What you have to do ->
Repeat, exactly as they appear, the lines from the one with "this 2296×1598 image." through the last line of the entries below, but none of the pictures.

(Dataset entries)
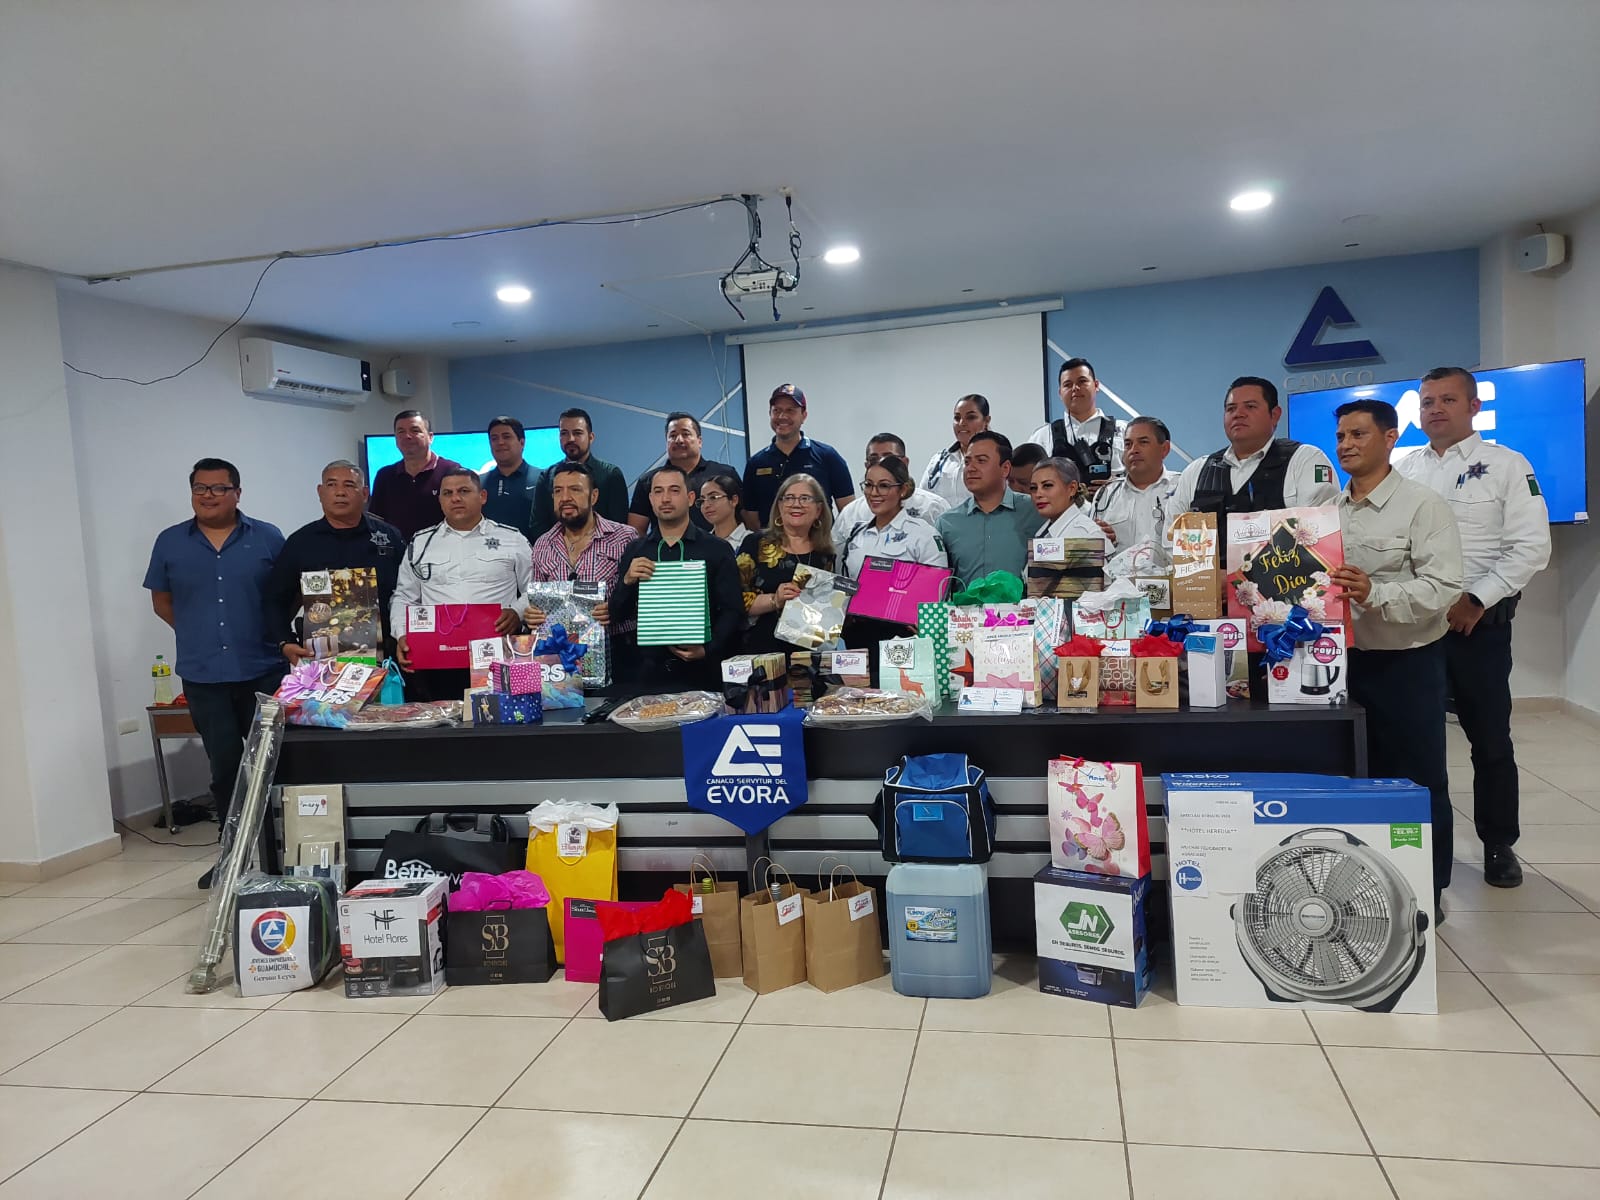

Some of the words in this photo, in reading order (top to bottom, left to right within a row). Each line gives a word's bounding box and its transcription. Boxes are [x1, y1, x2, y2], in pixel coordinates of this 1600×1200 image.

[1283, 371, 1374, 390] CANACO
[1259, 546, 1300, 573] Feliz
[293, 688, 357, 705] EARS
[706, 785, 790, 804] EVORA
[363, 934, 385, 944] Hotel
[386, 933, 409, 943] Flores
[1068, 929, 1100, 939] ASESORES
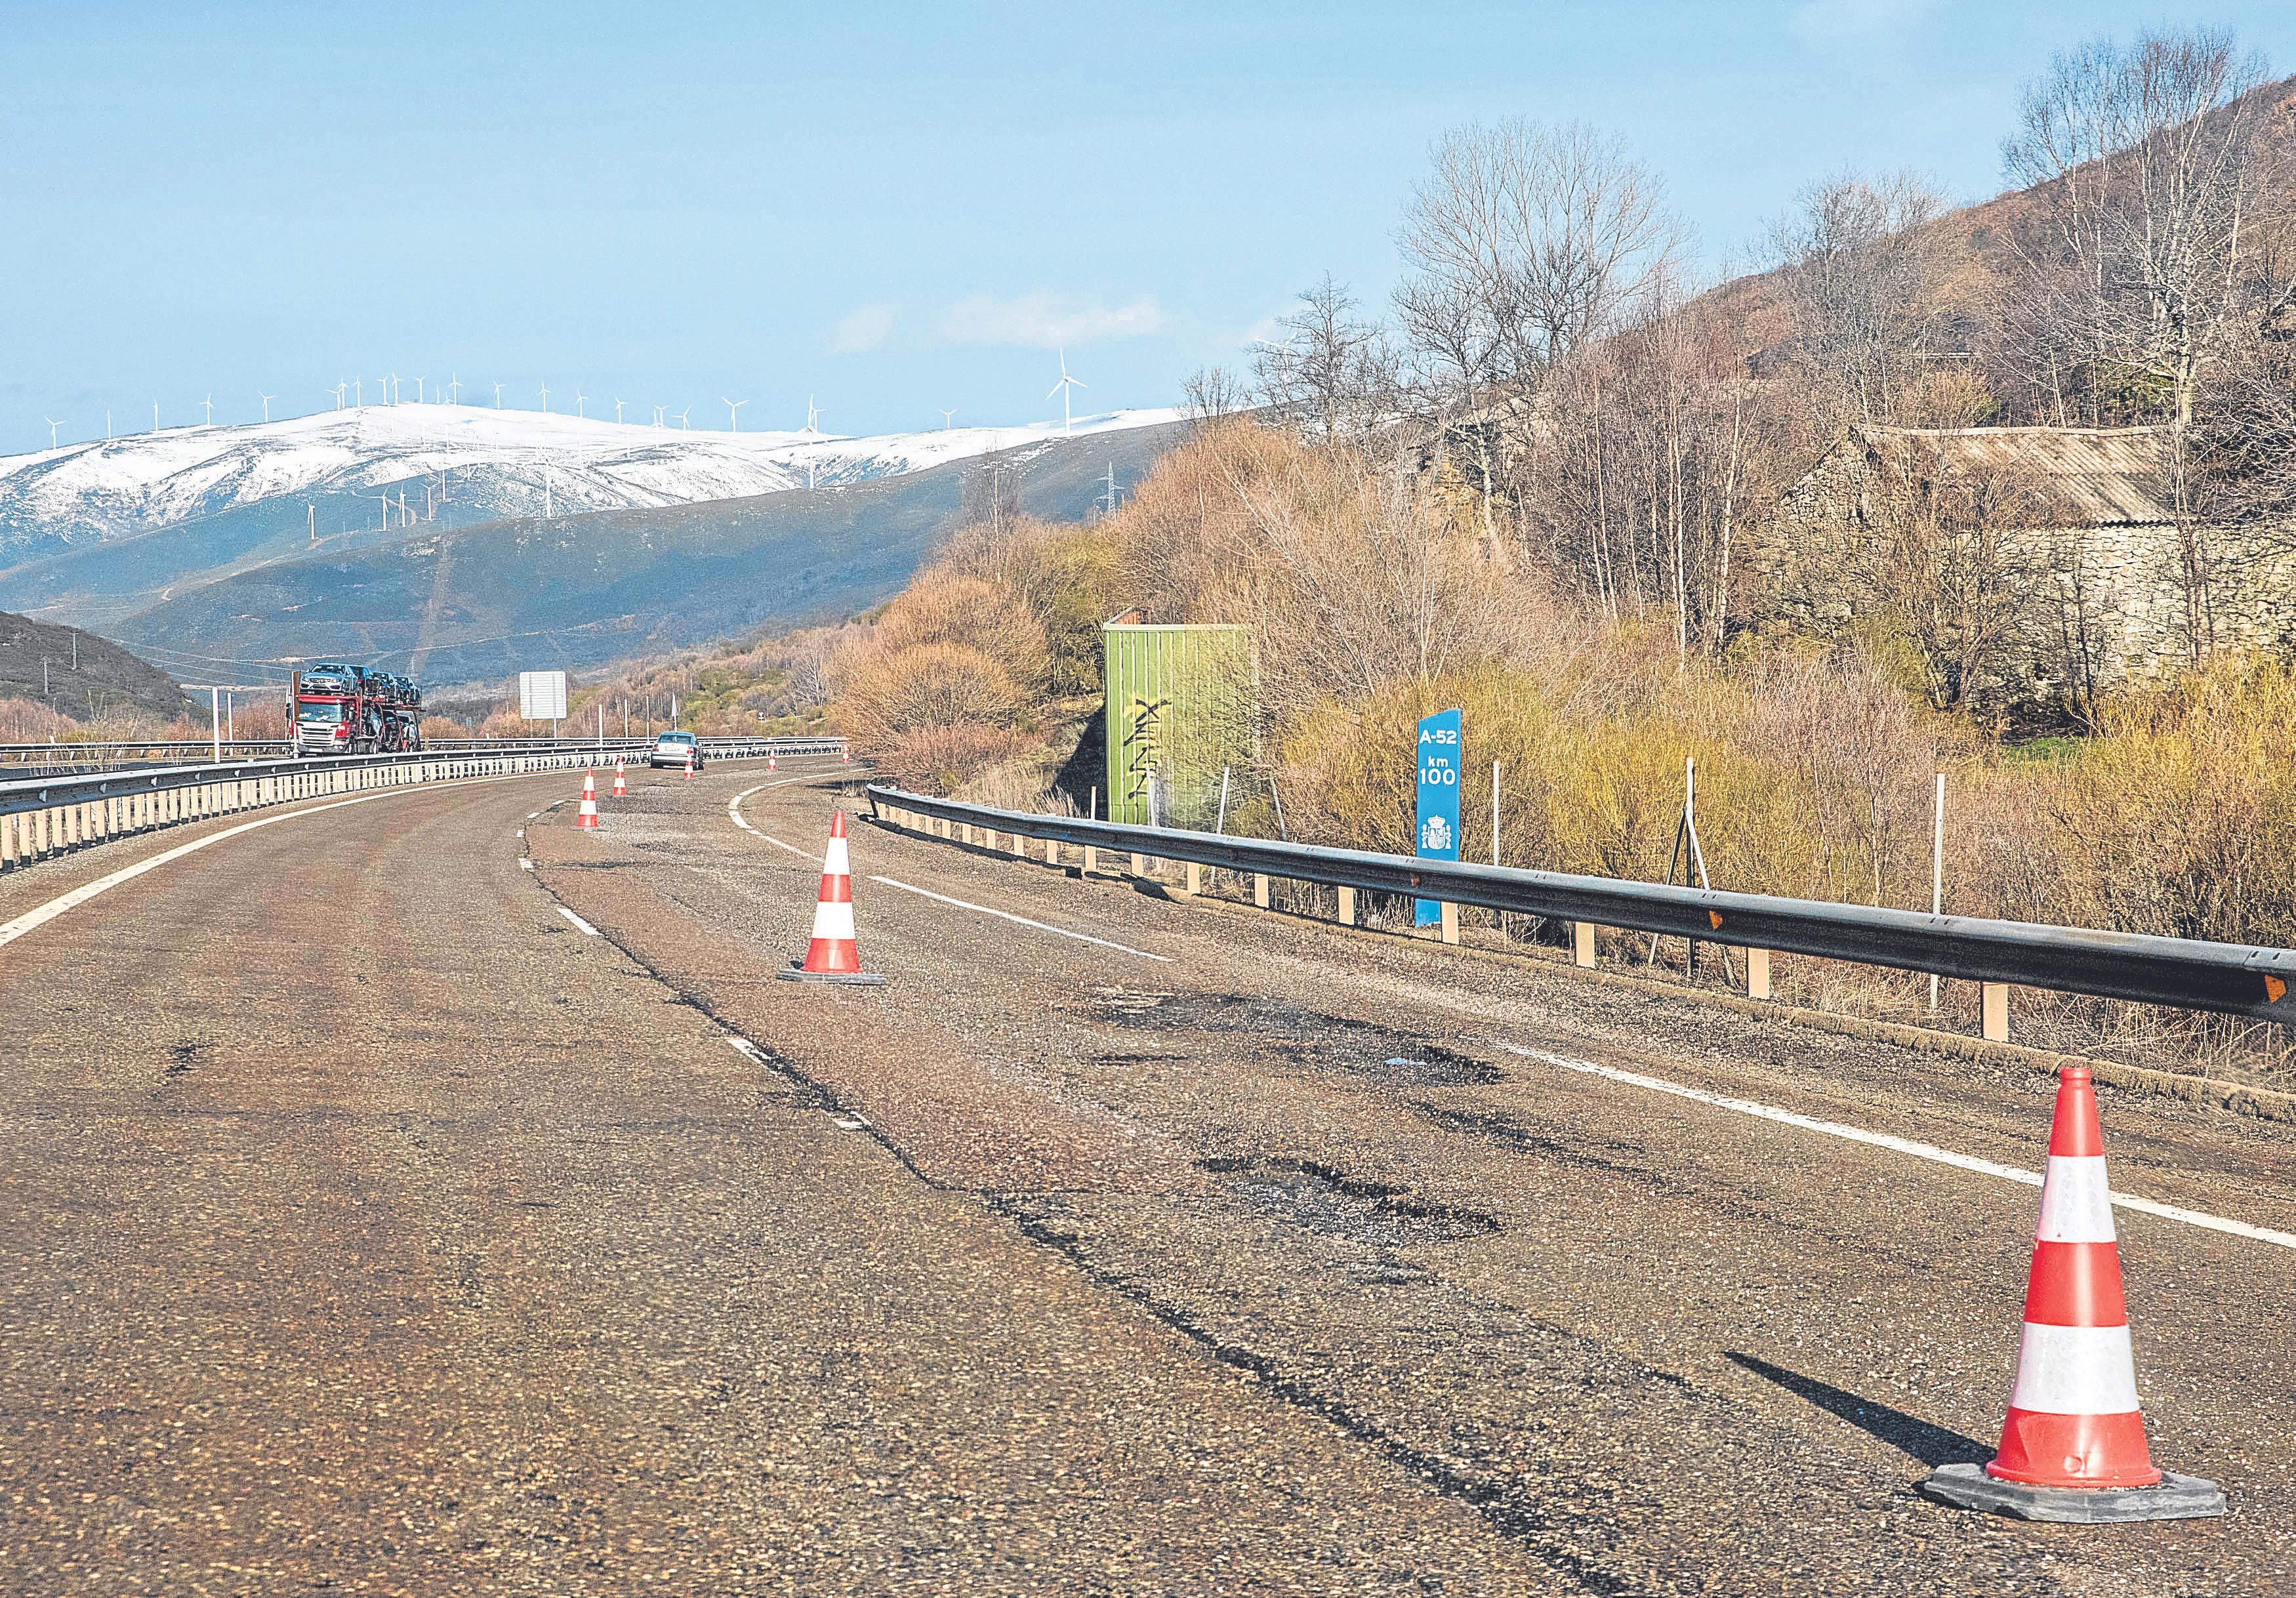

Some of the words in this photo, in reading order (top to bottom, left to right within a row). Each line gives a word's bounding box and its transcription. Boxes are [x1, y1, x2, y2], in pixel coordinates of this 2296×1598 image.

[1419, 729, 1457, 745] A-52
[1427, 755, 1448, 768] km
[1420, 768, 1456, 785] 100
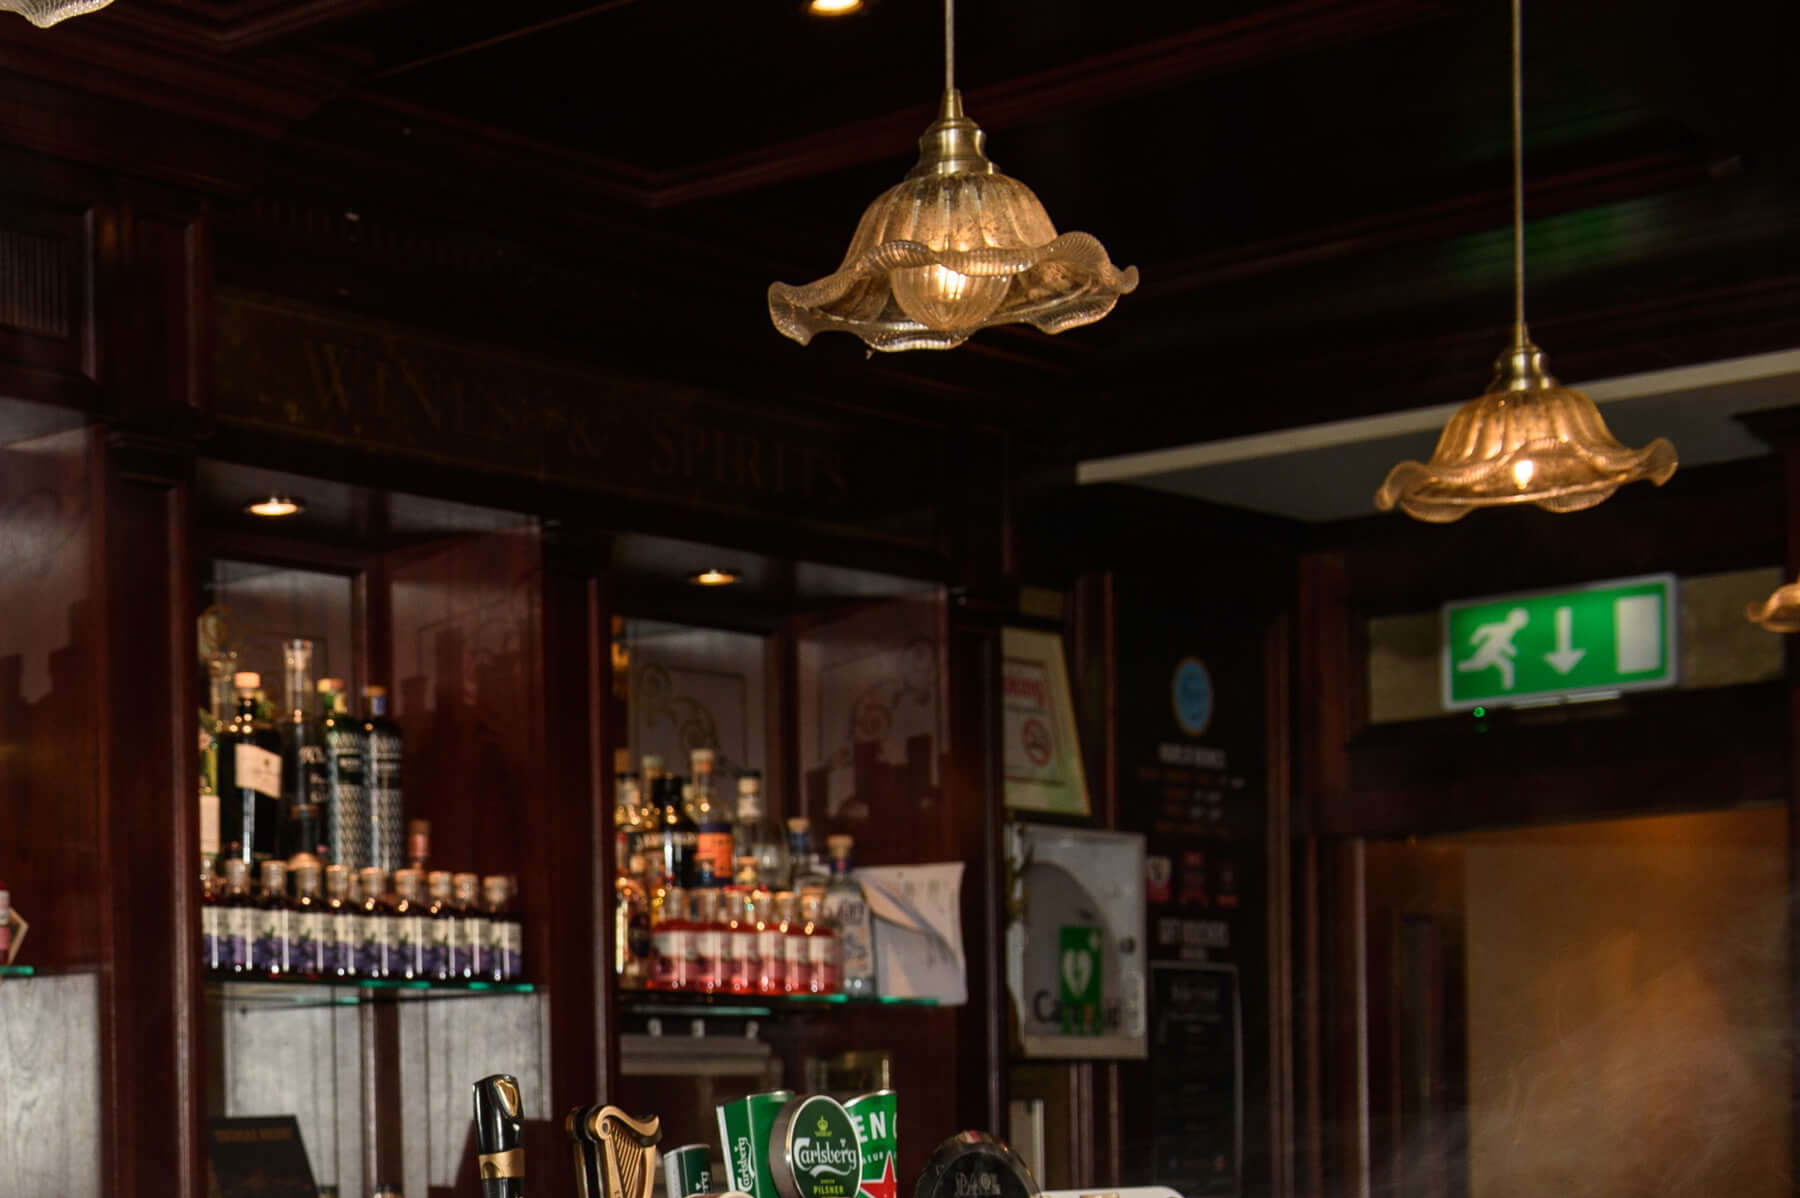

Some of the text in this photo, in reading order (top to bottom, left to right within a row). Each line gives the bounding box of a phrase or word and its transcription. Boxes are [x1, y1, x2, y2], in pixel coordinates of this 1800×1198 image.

Reply to the exercise ->
Some of the words in this photo, in reading order (top to bottom, left to right within a row). Each line gives a word's bounding box and its transcription. Boxes are [x1, y1, x2, y2], in pixel coordinates of this 2296×1598 image.

[1419, 729, 1457, 745] A-52
[1427, 755, 1448, 768] km
[1420, 768, 1456, 785] 100

Some of the text in this photo, in reading order (top to bottom, left to right within a row). Each line gives the bounding box of a phrase or word and its transcription. Boxes are [x1, y1, x2, y2], in pixel coordinates of this 1800×1198 image.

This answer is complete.